- Born: August 7, 1953
- Education: Princeton University (PhD)
- Known for: Research on creativity
- Scientific career
- Fields: Physiology
- Institutions: Michigan State University

= Robert Root-Bernstein =

American academic (born 1953)

Robert Root-Bernstein (born August 7, 1953) (PhD, Princeton University) is a professor of physiology at Michigan State University. In 1981, he was awarded a MacArthur Fellowship, commonly known as a "genius grant".

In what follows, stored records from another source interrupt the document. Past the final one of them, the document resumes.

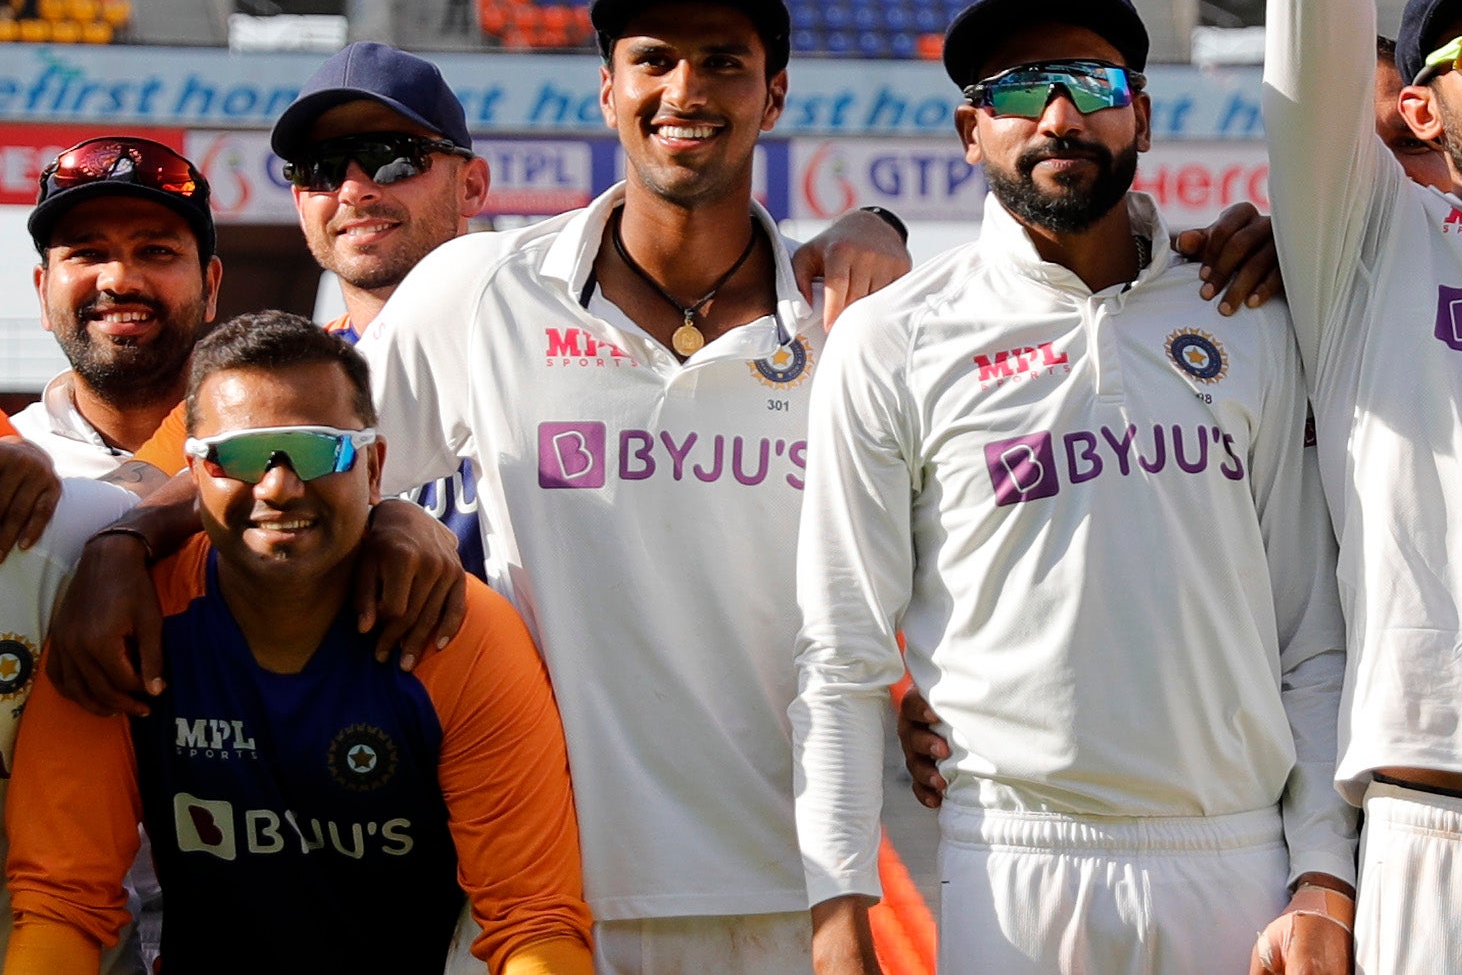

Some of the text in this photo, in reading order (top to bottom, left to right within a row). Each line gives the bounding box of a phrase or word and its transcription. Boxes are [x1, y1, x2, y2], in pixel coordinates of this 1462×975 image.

[869, 154, 976, 198] GTP
[546, 357, 639, 368] SPORTS
[972, 340, 1069, 383] MPL
[767, 399, 790, 412] 301
[618, 429, 808, 491] BYJU'S
[1063, 423, 1245, 484] BYJU'S
[175, 717, 256, 750] MPL
[176, 746, 258, 760] SPORTS
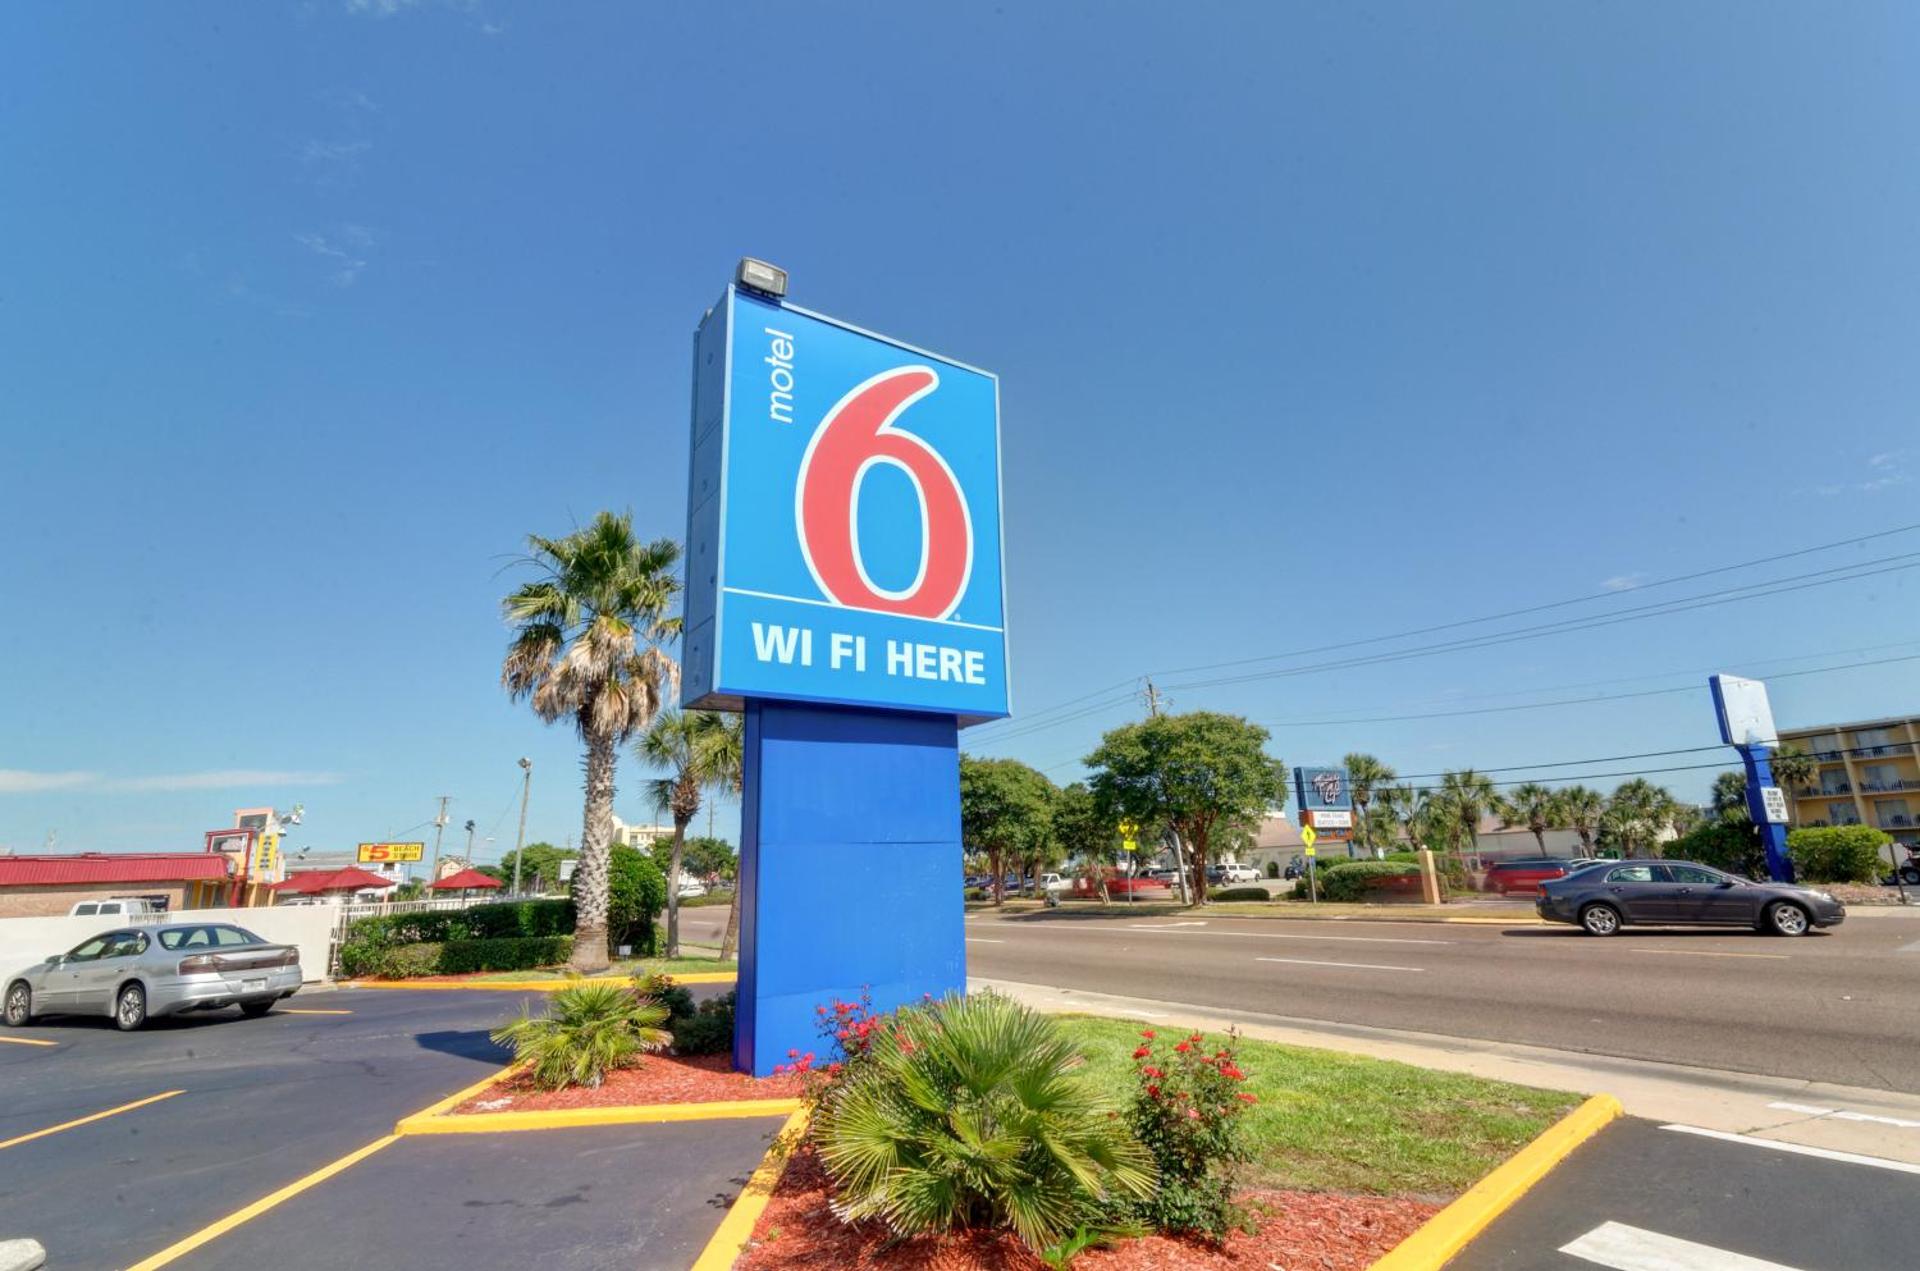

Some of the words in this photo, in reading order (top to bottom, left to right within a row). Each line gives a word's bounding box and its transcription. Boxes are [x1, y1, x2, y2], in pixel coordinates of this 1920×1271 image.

He has also researched and consulted on creativity for more than fifteen years. Among other books, he has authored Sparks of Genius: The Thirteen Thinking Tools of the World's Most Creative People, Discovering: Inventing and Solving Problems at the Frontiers of Scientific Knowledge, and Rethinking AIDS: The Tragic Cost of Premature Consensus. In Rethinking AIDS, Root-Bernstein postulated that factors in addition to HIV may contribute to AIDS. Root-Bernstein is a former member of the Group for the Scientific Reappraisal of the HIV-AIDS Hypothesis, a group of AIDS denialists.

Root-Bernstein asserts that HIV, while involved in the development of AIDS, may be no more important than an accumulation of co-factors such as a history of poor nutrition, lack of hygiene, intravenous drug use, anal intercourse, as well as various infections and lifestyle diseases. In its April 2004 issue, POZ published a quote it attributed to Root-Bernstein: "Both the camp that says HIV is a pussycat and the people who claim AIDS is all HIV are wrong ... The denialists make claims that are clearly inconsistent with existing studies. When I check the existing studies, I don't agree with the interpretation of the data, or, worse, I can't find the studies [at all]."

==Books authored==
- Discovering: Inventing and Solving Problems at the Frontiers of Science, Harvard University Press, 1989.
- Rethinking AIDS: The Tragic Cost of Premature Consensus, Free Press, 1993, ISBN 978-0-02-926905-3
- (with Michèle Root-Bernstein) Honey, Mud, Maggots and Other Medical Marvels, Houghton Mifflin, 1997.
- (with Michèle Root-Bernstein) Sparks of Genius: The Thirteen Thinking Tools of the World's Most Creative People, Houghton Mifflin, 1999.